:: Given information
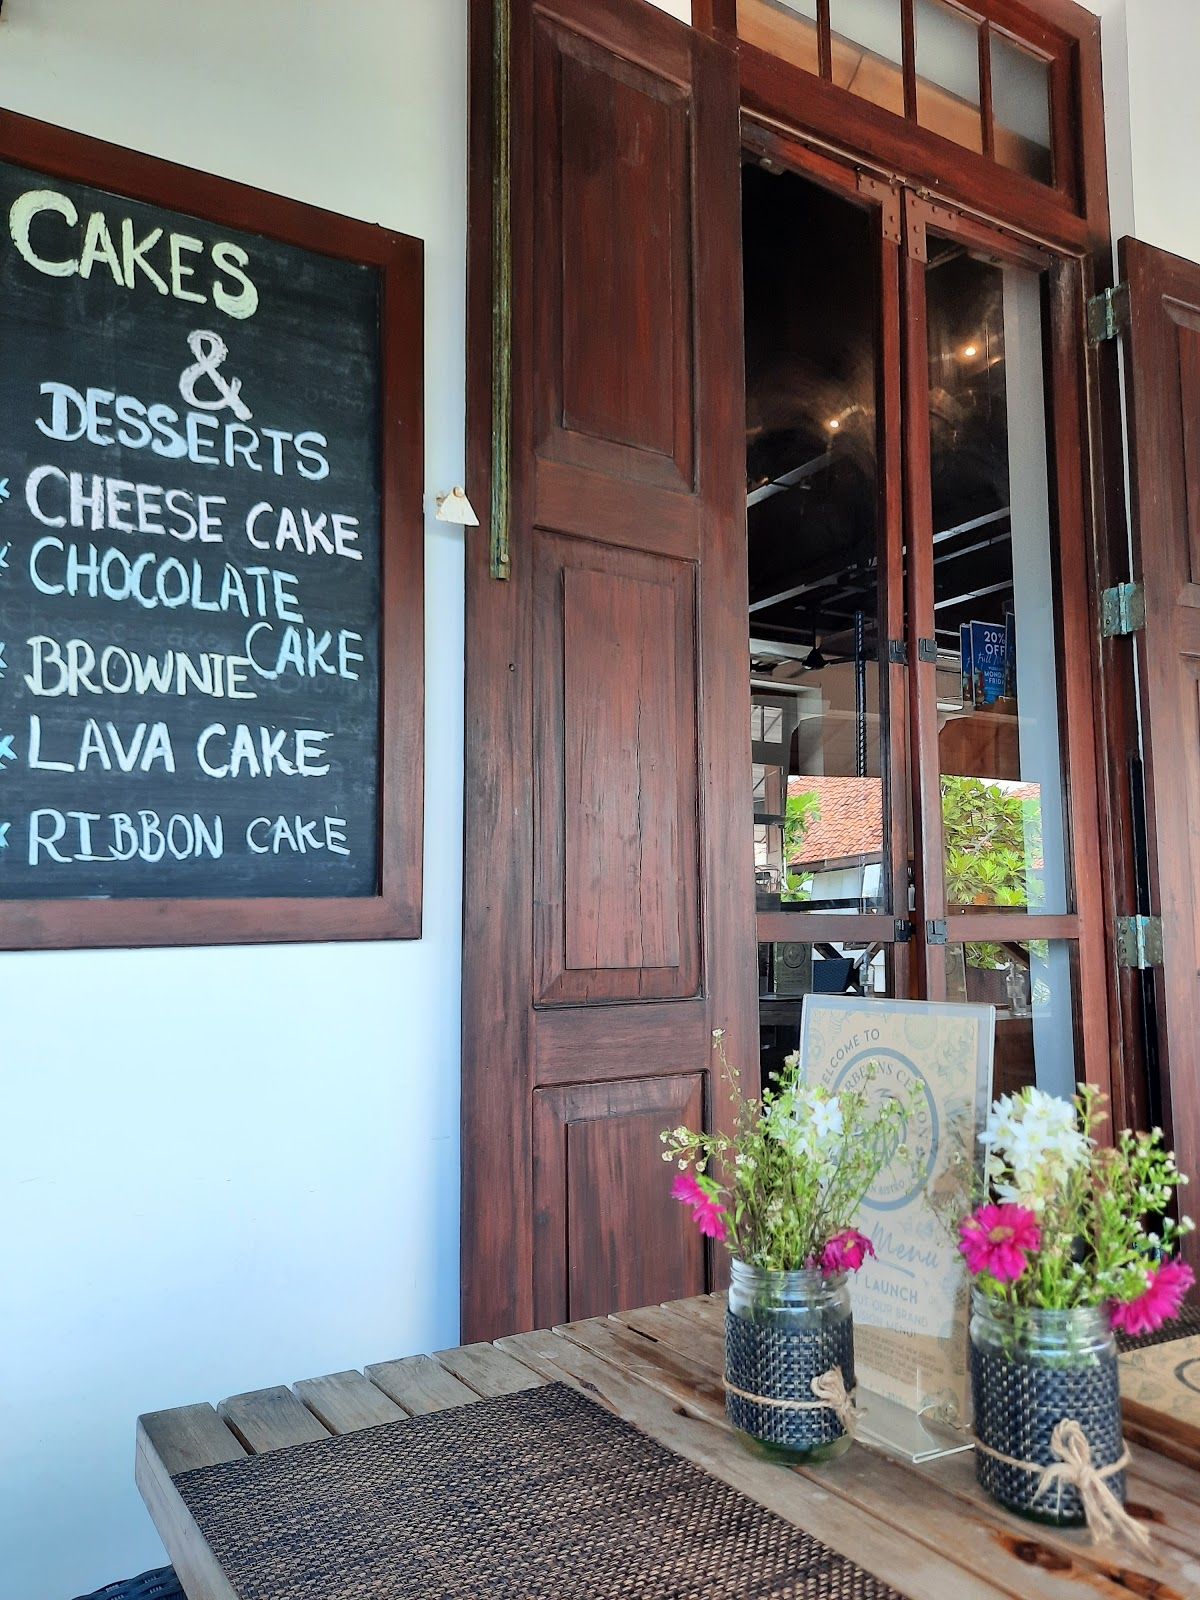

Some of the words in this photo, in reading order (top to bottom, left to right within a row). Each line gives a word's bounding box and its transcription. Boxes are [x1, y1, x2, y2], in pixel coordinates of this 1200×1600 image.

[8, 189, 259, 320] CAKES
[179, 329, 253, 421] &
[35, 381, 330, 481] DESSERTS
[25, 464, 228, 543] CHEESE
[245, 501, 363, 560] CAKE
[28, 536, 304, 623] CHOCOLATE
[24, 635, 257, 699] BROWNIE
[245, 621, 364, 681] CAKE
[985, 644, 1005, 656] OFF
[28, 714, 176, 773] LAVA
[197, 722, 334, 779] CAKE
[28, 807, 224, 866] RIBBON
[246, 814, 351, 857] CAKE
[820, 1036, 860, 1086] ELCOME
[863, 1028, 880, 1042] TO
[871, 1221, 939, 1268] Menu
[865, 1273, 919, 1304] LAUNCH
::::
Task brief: Omitting all images, retype each line of the records precisely.

Answer to the exercise:
Some of the words in this photo, in reading order (top to bottom, left to right within a row). Each line gives a word's bounding box and its transcription. Boxes are [x1, y1, x2, y2], in pixel coordinates of this 1200×1600 image.

[8, 189, 259, 320] CAKES
[179, 329, 253, 421] &
[35, 381, 330, 481] DESSERTS
[25, 464, 228, 543] CHEESE
[245, 501, 363, 560] CAKE
[28, 536, 304, 623] CHOCOLATE
[24, 635, 257, 699] BROWNIE
[245, 621, 364, 681] CAKE
[985, 644, 1005, 656] OFF
[28, 714, 176, 773] LAVA
[197, 722, 334, 779] CAKE
[28, 807, 224, 866] RIBBON
[246, 814, 351, 857] CAKE
[820, 1036, 860, 1086] ELCOME
[863, 1028, 880, 1042] TO
[871, 1221, 939, 1268] Menu
[865, 1273, 919, 1304] LAUNCH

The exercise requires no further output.